Social Credit Comes to US Shores: Consumers Denied Services Based on Shadowy “Security Ratings”

By Janet Phelan

Another blip in what appears to be subtle yet rampant discrimination levied against certain American citizens has emerged on the social radar. As reported recently here, there appears to be another scoring system—other than credit scores—which is not only encouraging but mandating private companies to withhold their regular services from certain consumers.

Sometimes referred to as a “security score,” this rating system trumps excellent credit and has resulted in numerous Americans being denied the ability to transact with Western Union, eBay and various other companies.


When A.A. tried to buy some merchandise online from Z and Z Medical, her credit card was refused. According to the owner of Z and Z, stated A.A., the order was not refused due to bad credit but rather because her “security score”, which was issued by a shadowy third company, was rated as “poor/low”.  Z and Z informed her in writing, “The information provided for this order does not meet our security requirements. This order has been cancelled and the credit card transaction has been voided.”

A.A. is one of many US citizens who are now finding that they are being surveilled and “rated” and that this shadowy process and the algorithms that go into producing this “security score” are being withheld from their oversight or appeal as a matter of course.  A.A., who worked as an NSA contractor until stalking and surveillance abuse forced her out of her job, has also experienced refusals and/or blockages of service from eBay, Amazon and other companies.

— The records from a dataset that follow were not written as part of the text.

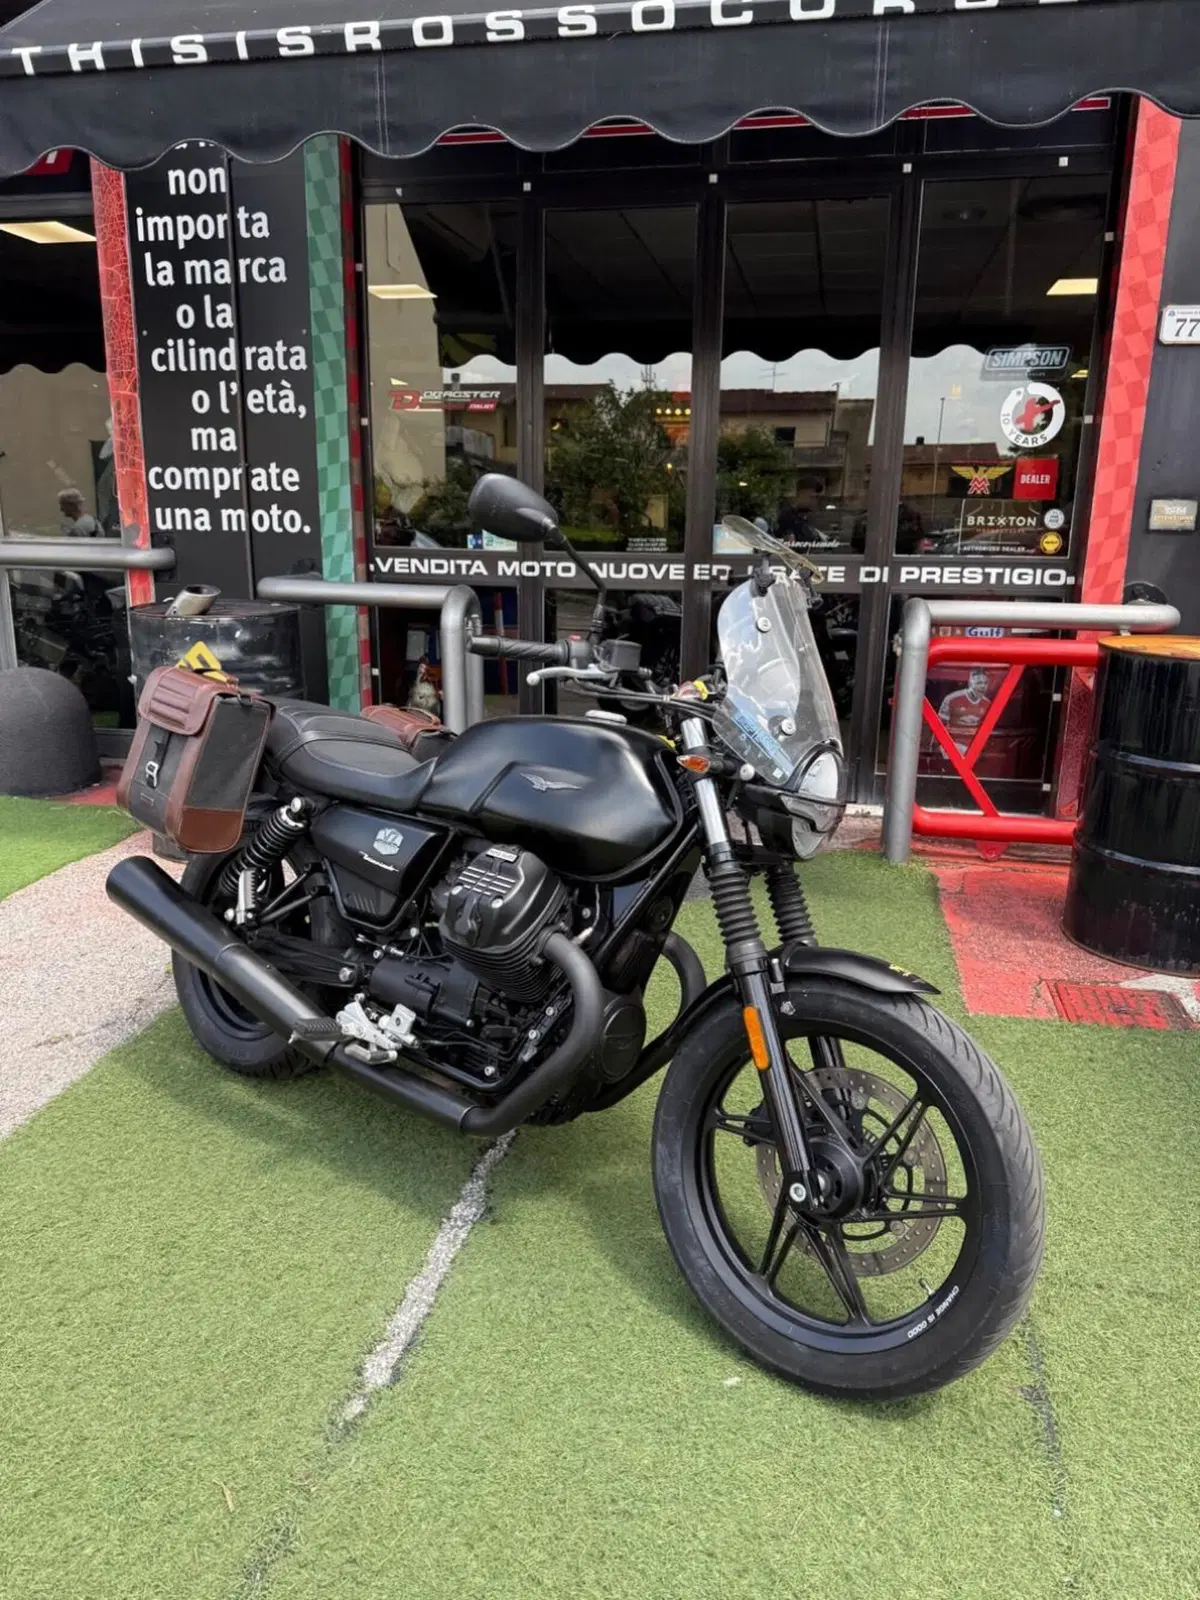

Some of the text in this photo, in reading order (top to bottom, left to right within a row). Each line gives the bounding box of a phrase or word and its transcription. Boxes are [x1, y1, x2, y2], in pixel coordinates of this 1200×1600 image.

[168, 166, 226, 196] non
[136, 206, 270, 250] importa
[144, 252, 287, 287] la marca
[176, 294, 235, 329] o la
[151, 337, 308, 372] cilindrata
[991, 350, 1064, 367] SIMPSON
[191, 389, 211, 414] o
[422, 390, 501, 399] DRAGSTER
[190, 426, 238, 452] ma
[1008, 427, 1048, 446] YEARS
[148, 461, 300, 499] comprate
[1019, 473, 1051, 485] DEALER
[155, 503, 312, 534] una moto.
[966, 515, 1037, 527] BRIXTON
[375, 557, 488, 575] VENDITA
[498, 560, 577, 578] MOTO
[588, 562, 686, 581] NUOVE
[859, 566, 890, 583] DI
[967, 626, 1003, 637] Gulf
[927, 1313, 936, 1324] IS
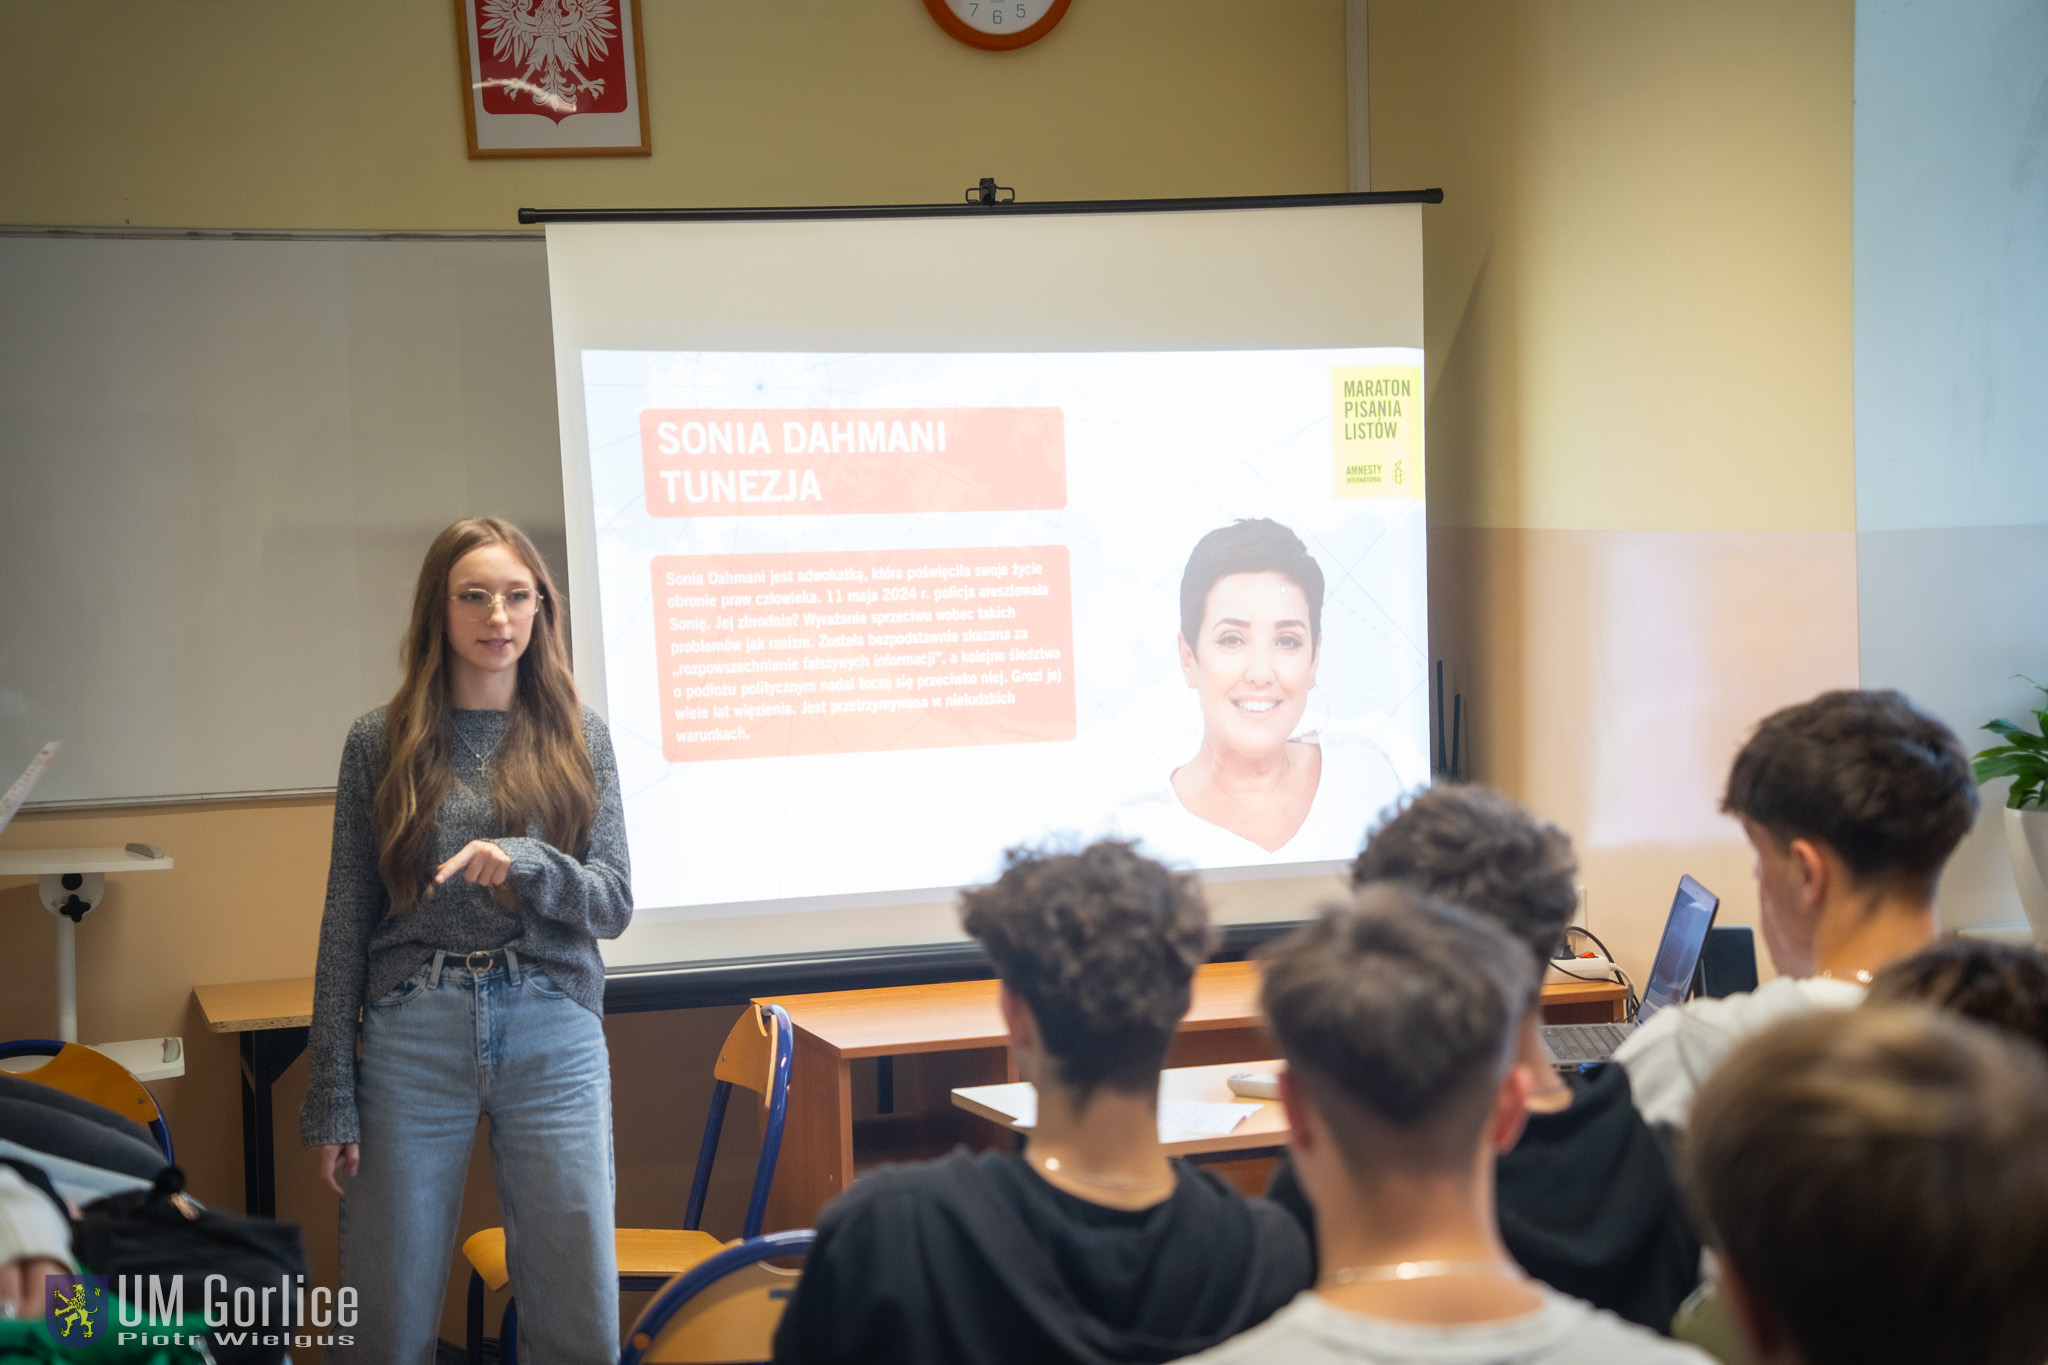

When Karen Melton Stewart went to a Western Union outlet in Maryland to send a $100 to a friend abroad, the transaction was refused and she was told she would no longer be able to use Western Union to send or receive money. Subsequent communications from Western Union demanded that she remit private information to that company in order to reinstate her, including:

  • “Validation of your source of income
  • Purpose of sending or receiving funds
  • Relationship to the counter parties”

A lengthy written correspondence ensued, with Western Union referring obliquely to the USA PATRIOT Act and to a secret “private policy.” When asked to explain the “private policy,” Western Union replied that it was private and declined to elucidate.

“… we cannot provide specific details about why your transaction was declined for legal and proprietary reasons,” the company stated in a communication dated 8-7-2019.

Stewart is a former NSA linguist who was fired after she blew the whistle on an internal blackmail scheme being run against high level NSA employees. She had worked for the NSA for twenty eight years.

Parenthetically, shortly after I contacted Western Union to try to find out what algorithm and legal authority were governing their refusal to allow Stewart to use their services, a long standing contact in Georgia attempted to send me $150 and was told by Western Union that the account had been blocked. The block was subsequently lifted the following day.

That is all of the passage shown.